● Work item:
Check each line of the material for "station" and report how many lines have it, with nothing added.
────────
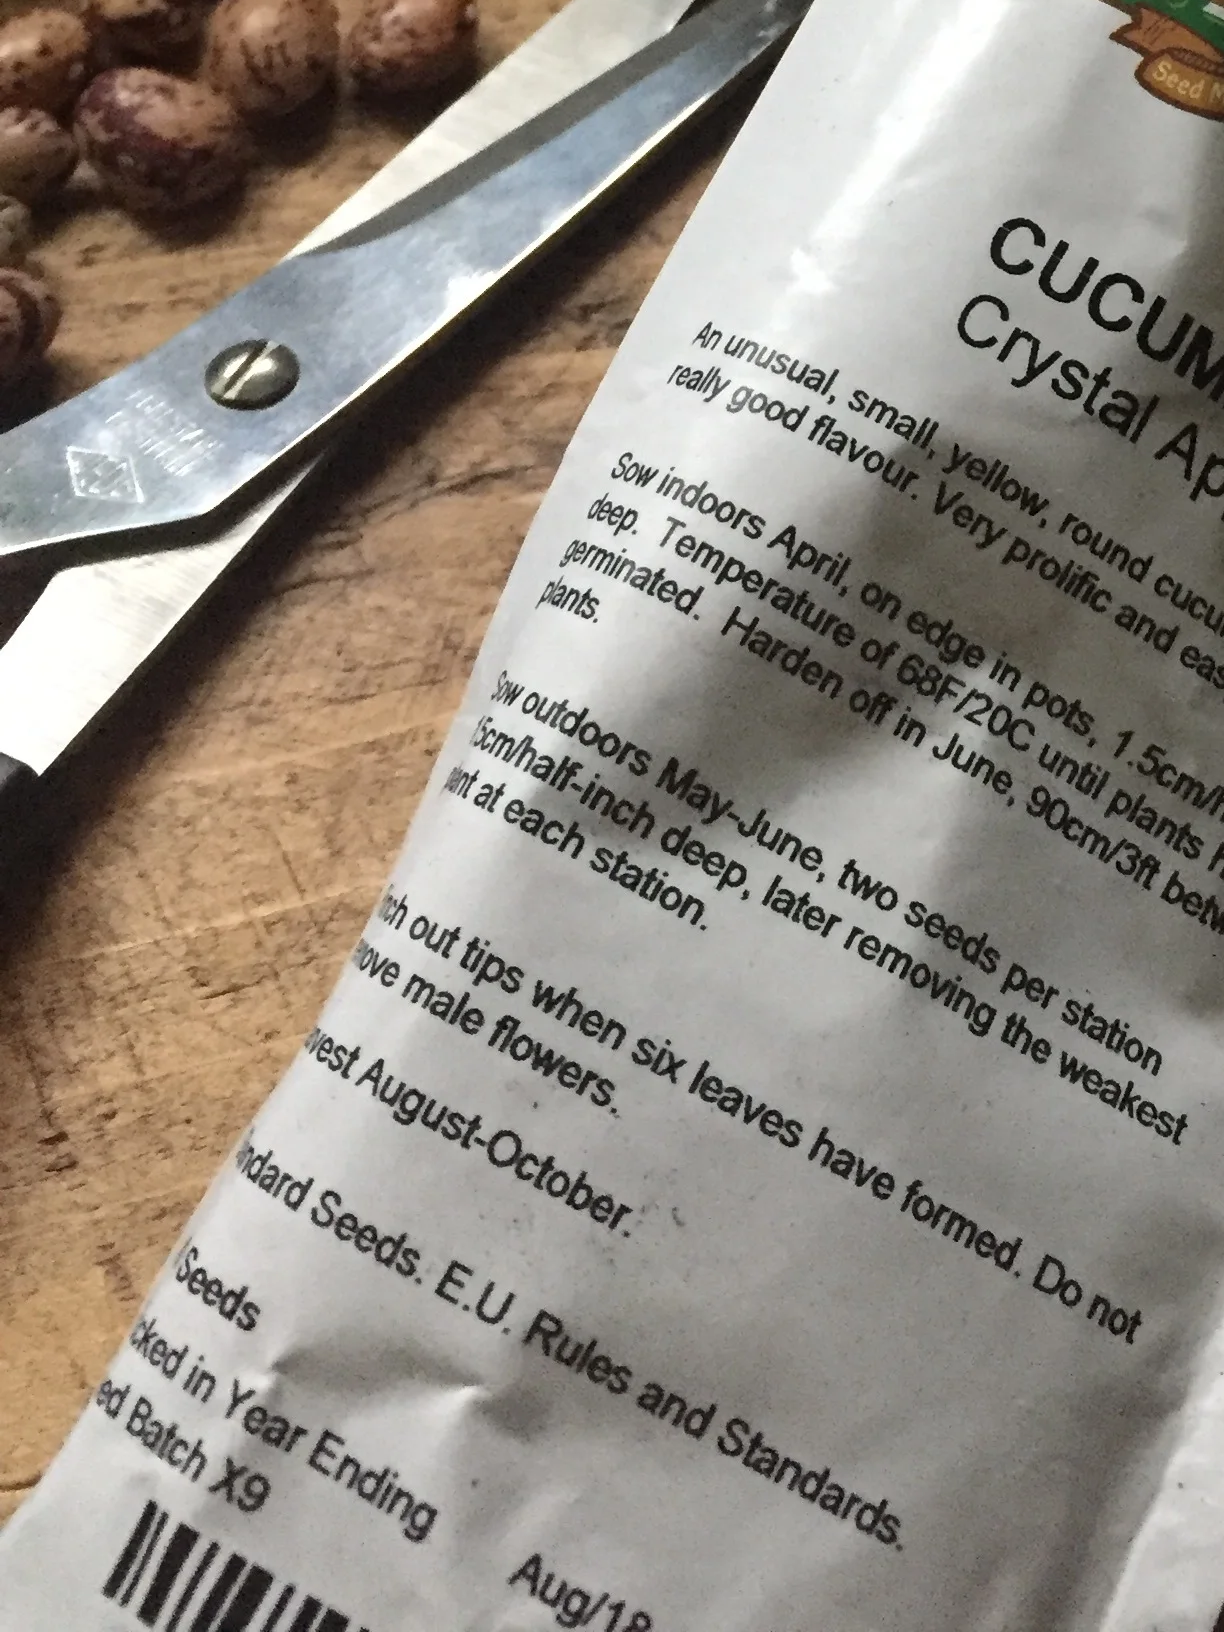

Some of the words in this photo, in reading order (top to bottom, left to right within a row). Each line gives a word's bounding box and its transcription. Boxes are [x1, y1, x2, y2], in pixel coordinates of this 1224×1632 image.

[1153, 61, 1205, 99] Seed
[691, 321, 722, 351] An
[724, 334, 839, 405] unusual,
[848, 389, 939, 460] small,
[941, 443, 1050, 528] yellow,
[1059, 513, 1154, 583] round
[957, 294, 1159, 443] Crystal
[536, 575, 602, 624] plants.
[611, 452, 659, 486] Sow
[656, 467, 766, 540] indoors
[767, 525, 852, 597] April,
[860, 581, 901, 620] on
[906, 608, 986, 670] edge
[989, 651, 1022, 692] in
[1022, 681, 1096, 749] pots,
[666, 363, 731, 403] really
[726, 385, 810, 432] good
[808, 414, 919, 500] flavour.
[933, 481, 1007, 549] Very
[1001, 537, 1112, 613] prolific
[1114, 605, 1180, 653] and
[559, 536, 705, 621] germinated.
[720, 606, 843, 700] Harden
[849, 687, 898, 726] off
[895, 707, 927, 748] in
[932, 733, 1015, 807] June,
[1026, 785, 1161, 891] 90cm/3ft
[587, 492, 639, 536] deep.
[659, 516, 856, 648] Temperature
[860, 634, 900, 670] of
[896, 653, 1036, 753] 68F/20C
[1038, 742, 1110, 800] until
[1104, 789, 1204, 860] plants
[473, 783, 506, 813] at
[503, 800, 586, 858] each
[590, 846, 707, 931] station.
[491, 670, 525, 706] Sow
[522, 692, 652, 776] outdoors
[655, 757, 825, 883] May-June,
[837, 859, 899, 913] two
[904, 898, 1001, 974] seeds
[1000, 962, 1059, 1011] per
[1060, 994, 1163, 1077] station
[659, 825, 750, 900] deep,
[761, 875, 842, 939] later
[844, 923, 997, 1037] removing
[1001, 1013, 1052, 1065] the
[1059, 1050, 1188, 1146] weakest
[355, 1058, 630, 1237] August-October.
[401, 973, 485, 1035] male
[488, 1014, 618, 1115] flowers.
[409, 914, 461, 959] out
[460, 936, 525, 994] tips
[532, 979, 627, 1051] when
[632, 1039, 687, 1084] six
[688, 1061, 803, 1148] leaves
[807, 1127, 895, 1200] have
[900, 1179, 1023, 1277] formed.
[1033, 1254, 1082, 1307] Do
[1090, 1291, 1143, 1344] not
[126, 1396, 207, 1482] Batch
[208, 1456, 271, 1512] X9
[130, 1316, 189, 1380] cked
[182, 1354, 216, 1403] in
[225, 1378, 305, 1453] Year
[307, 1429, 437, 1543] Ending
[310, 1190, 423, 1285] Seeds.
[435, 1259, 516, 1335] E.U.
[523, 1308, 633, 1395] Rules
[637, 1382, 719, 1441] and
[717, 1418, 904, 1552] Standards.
────────
● Solved exercise:
2